骨性关节炎（Osteoarthritis, OA）疼痛病理生理机制复杂，免疫炎症反应学说及痛觉敏化学说一直是OA疼痛主要病理机制研究和关注的热点。流行病学统计显示：吸烟或许是OA的相关因素，烟碱乙酰胆碱受体（Nicotinic acetylcholine receptors, nAChRs）在其中发挥重要作用。α7-nAChRs是近年来多种疾病的研究热点，胆碱能抗炎通路中的关键受体。申请人前期研究结果发现：激活α7-nAChRs可抑制LPS诱导的星形胶质细胞活化；激活α7-nAChRs可抑制氧化应激诱导的星形胶质细胞的凋亡；激活α7-nAChRs可以显著改善OA大鼠模型膝关节软骨的退变。因此，我们提出假说：“α7-nAChRs可通过胶质细胞及相关免疫炎症机制在OA疼痛中发挥重要作用。”阐明α7-nAChRs在OA疼痛发生、发展中的机制，为研发理想的多潜能关节保护剂和镇痛药物提供新的靶标。

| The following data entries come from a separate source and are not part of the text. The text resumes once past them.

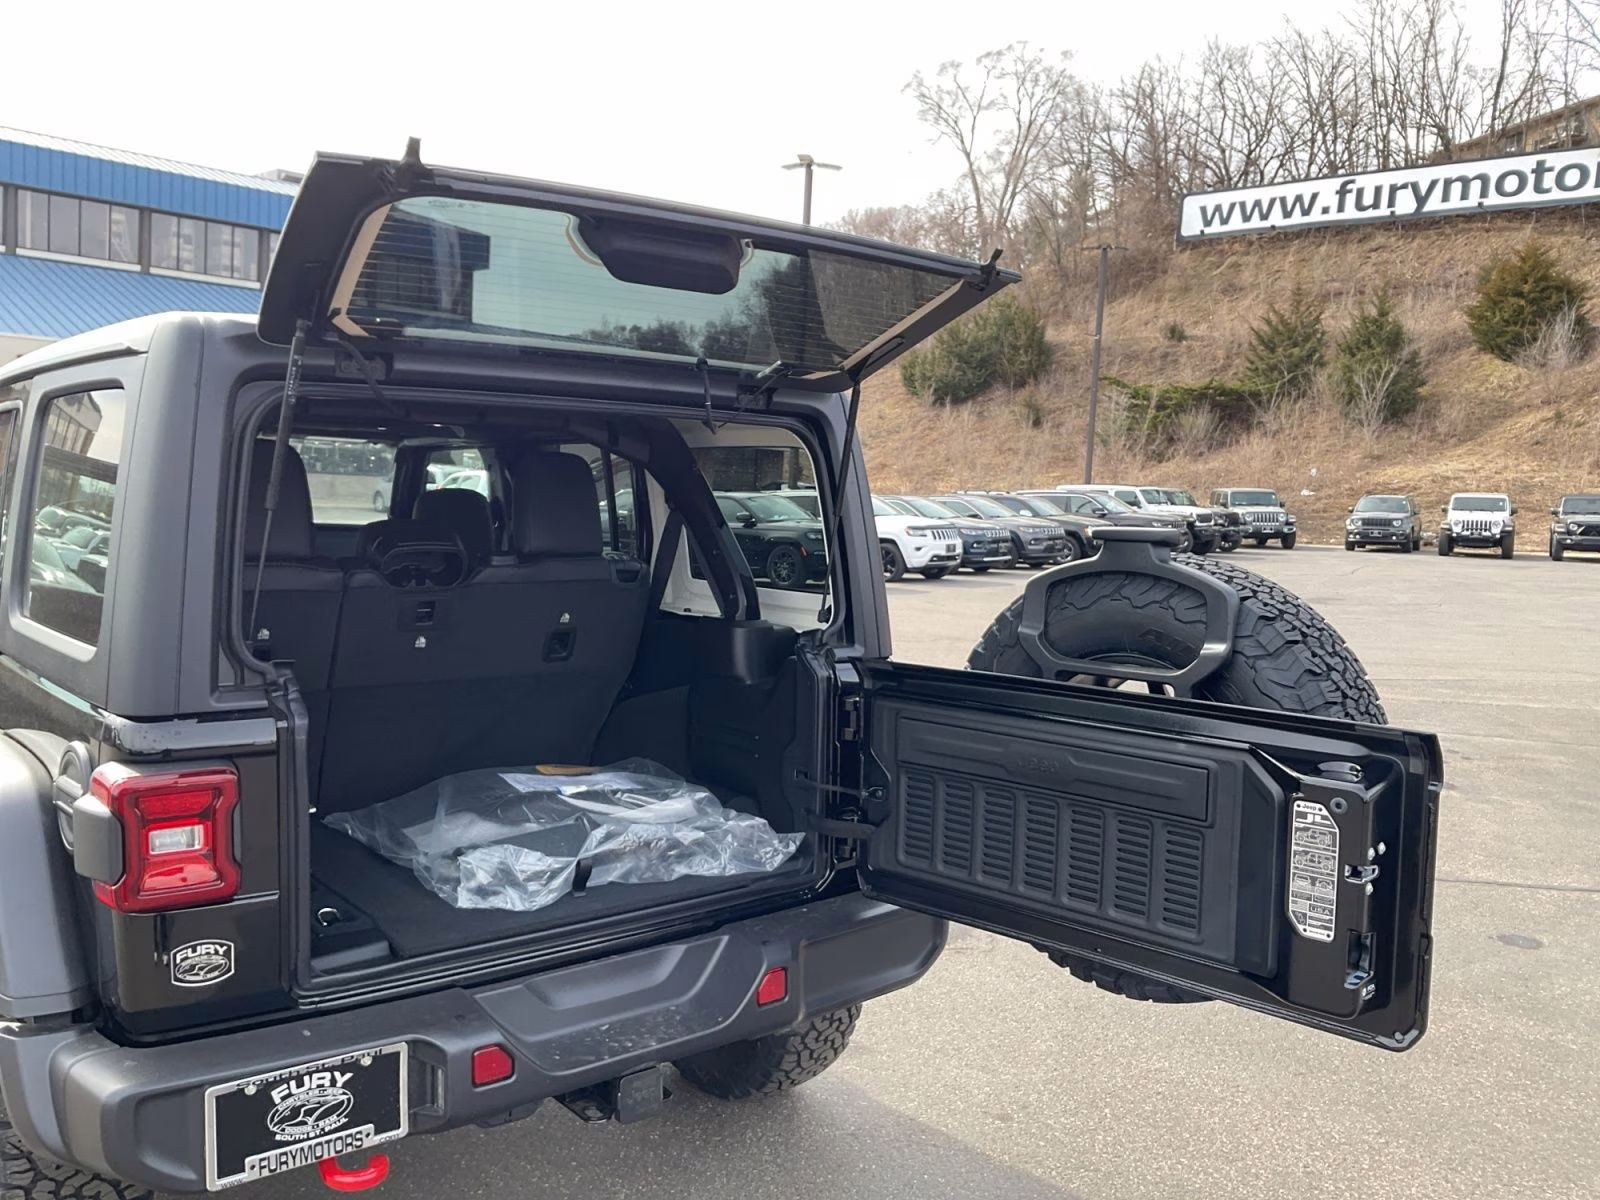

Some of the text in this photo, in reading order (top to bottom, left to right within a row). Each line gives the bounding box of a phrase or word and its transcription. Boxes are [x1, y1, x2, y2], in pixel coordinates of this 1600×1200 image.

[176, 944, 228, 964] FURY
[271, 1071, 354, 1105] FURY
[275, 1133, 308, 1141] SOUTH
[324, 1117, 349, 1132] PAUL
[259, 1130, 364, 1176] FURYMOTORS
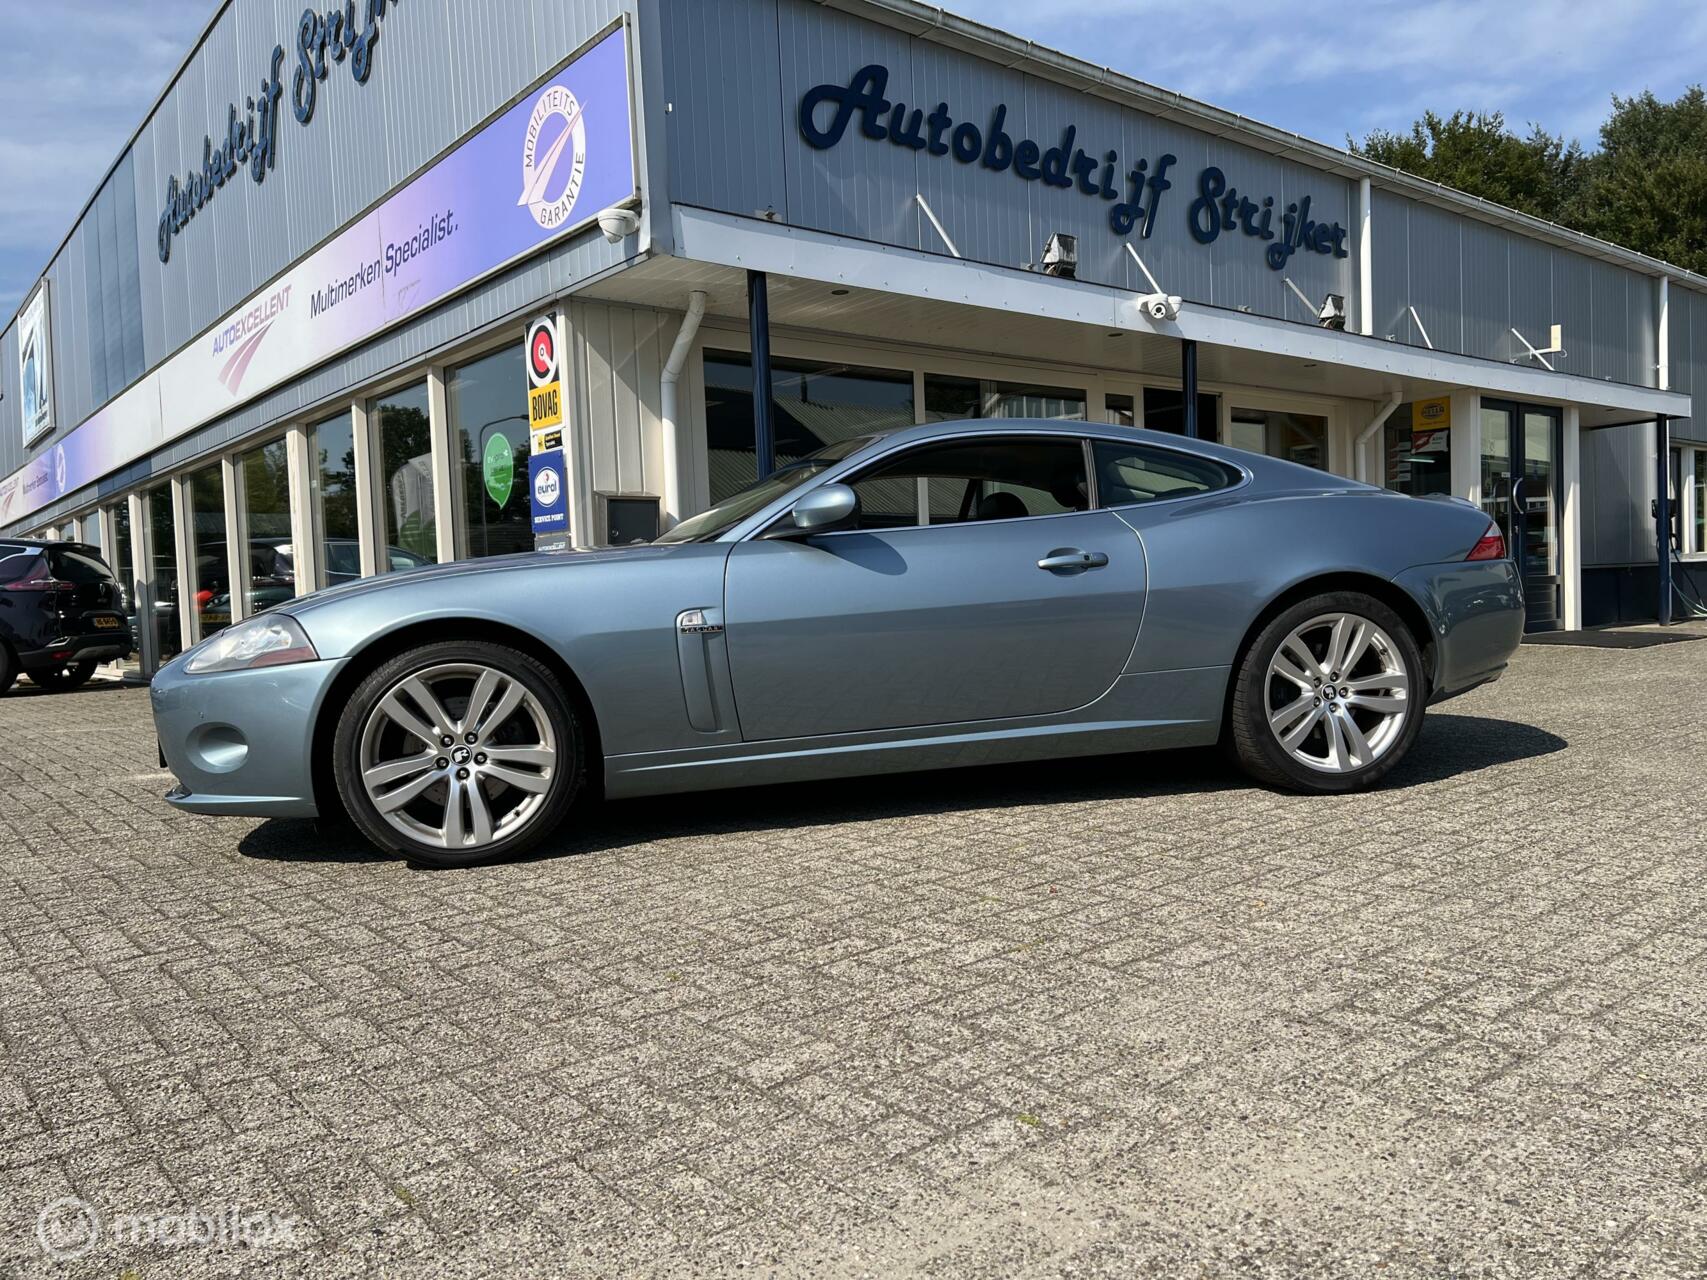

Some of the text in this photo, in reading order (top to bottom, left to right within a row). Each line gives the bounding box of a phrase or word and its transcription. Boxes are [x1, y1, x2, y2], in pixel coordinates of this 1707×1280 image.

[157, 0, 398, 263] Autobedrijf Strij
[525, 90, 575, 168] MOBILITEITS
[800, 64, 1349, 271] Autobedrijf Strijker
[540, 152, 585, 226] GARANTIE
[310, 208, 459, 319] Multimerken Specialist.
[212, 284, 292, 357] AUTOEXCELLENT
[532, 389, 558, 421] BOVAG

骨性关节炎（Osteoarthritis, OA）疼痛病理生理机制复杂，烟碱乙酰胆碱受体（Nicotinic acetylcholine receptors, nAChRs）或许在其中发挥重要作用。我们检索了PubMed，Embase和Cochrane图书馆数据库从建库到2020年8月31日的相关研究。共纳入了32项研究，涉及近30万名参与者，发现吸烟与膝骨关节炎的疼痛呈负相关，随后，我们应用野生型（WT）小鼠建立MIA OA模型，连续28天腹腔给予烟碱（Nic）可以显著改善OA小鼠机械性超敏反应，软骨退化和MMP-9的上调，选择性α7-nAChRs阻断剂甲基牛扁亭碱（MLA）可拮抗上述Nic的作用。在RAW264.7细胞和小鼠原代骨髓来源的巨噬细胞中，Nic显著抑制脂多糖（LPS）诱导的MMP-9的产生。机制有可能为Nic通过α7-nAChRs调节了磷脂酰肌醇3-激酶/蛋白激酶B（PI3K/ Akt）信号通路，及B细胞核因子κ轻链增强子（NF-κB）核转位有关。第三，我们发现OA患者膝关节软骨组织中α7-nAChRs表达减少，软骨细胞凋亡与自噬失衡。在体研究中，敲除（KO）α7-nAChRs加重软骨退化和自噬向凋亡的转化，离体研究发现，敲除（KO）α7-nAChRs同样加重自噬向凋亡的转化，Nic能改善自噬与凋亡间的平衡。机制与Beclin-1，p62，LC3 (I and II)，Bcl-2，Bax，cleaved caspase-3，caspase-3等信号通路有关。近年来研究表明，神经胶质细胞尤其是小胶质细胞和星形胶质细胞在慢性疼痛的发生发展中起重要作用。OA等引起的慢性疼痛状态下，脊髓星形胶质细胞比小胶质细胞呈现出更持久的活化，该活化与慢性疼痛行为密切相关。我们发现α7-nAChR选择性激动剂PNU-282987在神经毒素MPP+处理的原代星形胶质细胞中有抗凋亡作用，在神经毒素MPP+处理的SH-SY5Y细胞中，Nic和PNU-282987预处理通过激活α7-nAChRs/MAPK/p53轴也显示出神经保护性抗凋亡作用。在微小RNA干扰α7‐nAChRs的表达后，其抗凋亡作用减弱。因此，我们阐明了α7-nAChRs在OA疼痛发生、发展中的机制，为研发理想的多潜能关节保护剂和镇痛药物提供新的靶标。